新緑が目に眩しい、美しい季節となりました。

神戸・須磨の街が一年で最も「祈り」と「活気」に包まれる日。それが、毎月20日・21日に行われる大本山 須磨寺の「お大師さん(弘法大師御縁日)」です。特に5月は、5月17日の神戸まつりの熱狂の後に訪れる、しっとりと心落ち着く大切な行事となります。

今回は2回にわたる特別企画の第1回として、須磨寺の知られざる魅力と、お大師さんの日ならではの歩き方をご紹介します。

⛰️ 須磨寺(福祥寺)という場所

正式名称を「上野山 福祥寺(じょうぜんさん ふくしょうじ)」と呼ぶ須磨寺は、平安時代の初めから続く古刹です。源平合戦の舞台としても知られ、平敦盛遺愛の笛「小枝(さえだ)」や、弁慶の鐘など、歴史ファンにはたまらない寺宝が数多く眠っています。

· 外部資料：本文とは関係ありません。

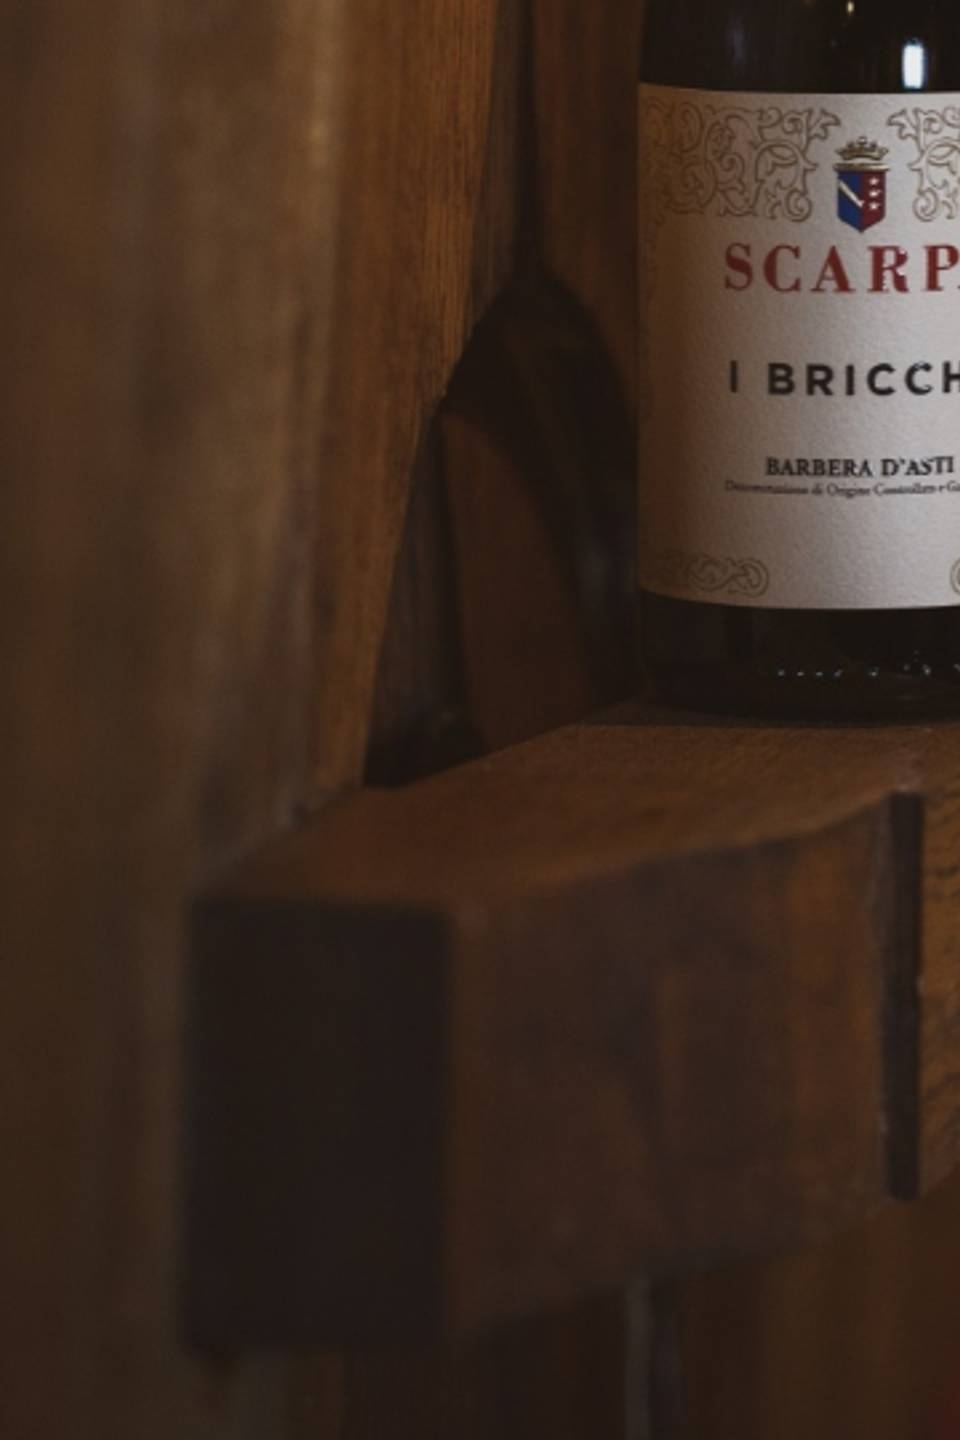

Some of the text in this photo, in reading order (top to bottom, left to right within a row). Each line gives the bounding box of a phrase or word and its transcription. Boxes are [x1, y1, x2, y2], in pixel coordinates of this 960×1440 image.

[729, 361, 738, 393] I
[766, 456, 955, 477] BARBERA D'ASTI

しかし、須磨寺の魅力は歴史だけではありません。境内を歩けば、どこかユーモラスな「わらべじぞう」や、ボタンを押すと動く「一絃琴(いちげんきん)」の仕掛けなど、「訪れる人を飽きさせない、遊び心あふれる懐の深さ」を感じることができるのです。

5月20日・21日の「お大師さん」とは?

弘法大師(空海)の命日にちなんで行われるこの縁日は、地元では親しみを込めて「お大師さん」と呼ばれています。5月のこの二日間、須磨寺周辺は普段の静寂とは一変し、驚くほどの活気に満ち溢れます。

1. 参道を彩る「露店」の温もり

山陽電車「須磨寺駅」からお寺へと続く参道には、たくさんの露店が並びます。懐かしい綿菓子や焼きそばの香りに混じって、地元の方々が並ぶ和菓子屋さんの「厄除け饅頭」など、この日だけの特別な風景が広がります。

2. 護摩焚き(ごまだき)の迫力

お大師さんの日のハイライトは、本堂や護摩堂で行われる祈祷です。立ち昇る炎と響き渡る読経の声。5月の爽やかな風の中に、どこか背筋が伸びるような厳かな空気が流れます。日頃の悩みや迷いを、大師の知恵の炎で焼き尽くしていただく――そんな贅沢な自分へのご褒美はいかがでしょうか。

5月のお参りポイント:

5月は境内の「青もみじ」が最も美しい季節です。本堂裏の庭園や、三重塔周辺の新緑は、まるで目に飛び込んでくるような鮮やかさ。参拝の合間にふと見上げる緑が、何よりの癒やしになります。

まずは「身を置く」ことから

須磨寺のお大師さんは、誰にでも開かれた場所です。難しい作法を知らなくても大丈夫。「ちょっといい風に当たりに行こう」「美味しいものを食べに行こう」そんな気軽な気持ちで、弘法大師様とのご縁を結びに行きませんか?

第1回はここまで。次回は、「須磨寺の隠れた名スポット・面白いお地蔵さん巡り」と、参拝後にぜひ立ち寄りたいグルメ情報をお届けします!

【参拝のご案内】

■ 日時: 2026年5月20日(水)・21日(木)
■ 場所: 大本山 須磨寺(福祥寺)
■ アクセス: 山陽電車「須磨寺駅」より北へ徒歩約5分、JR「須磨駅」より北へ徒歩約12分
※駐車場は大変混雑するため、公共交通機関での来場がおすすめです。

© 2026 須磨・神戸 魅力を歩くブロガー. Produced by Gemini Blogger.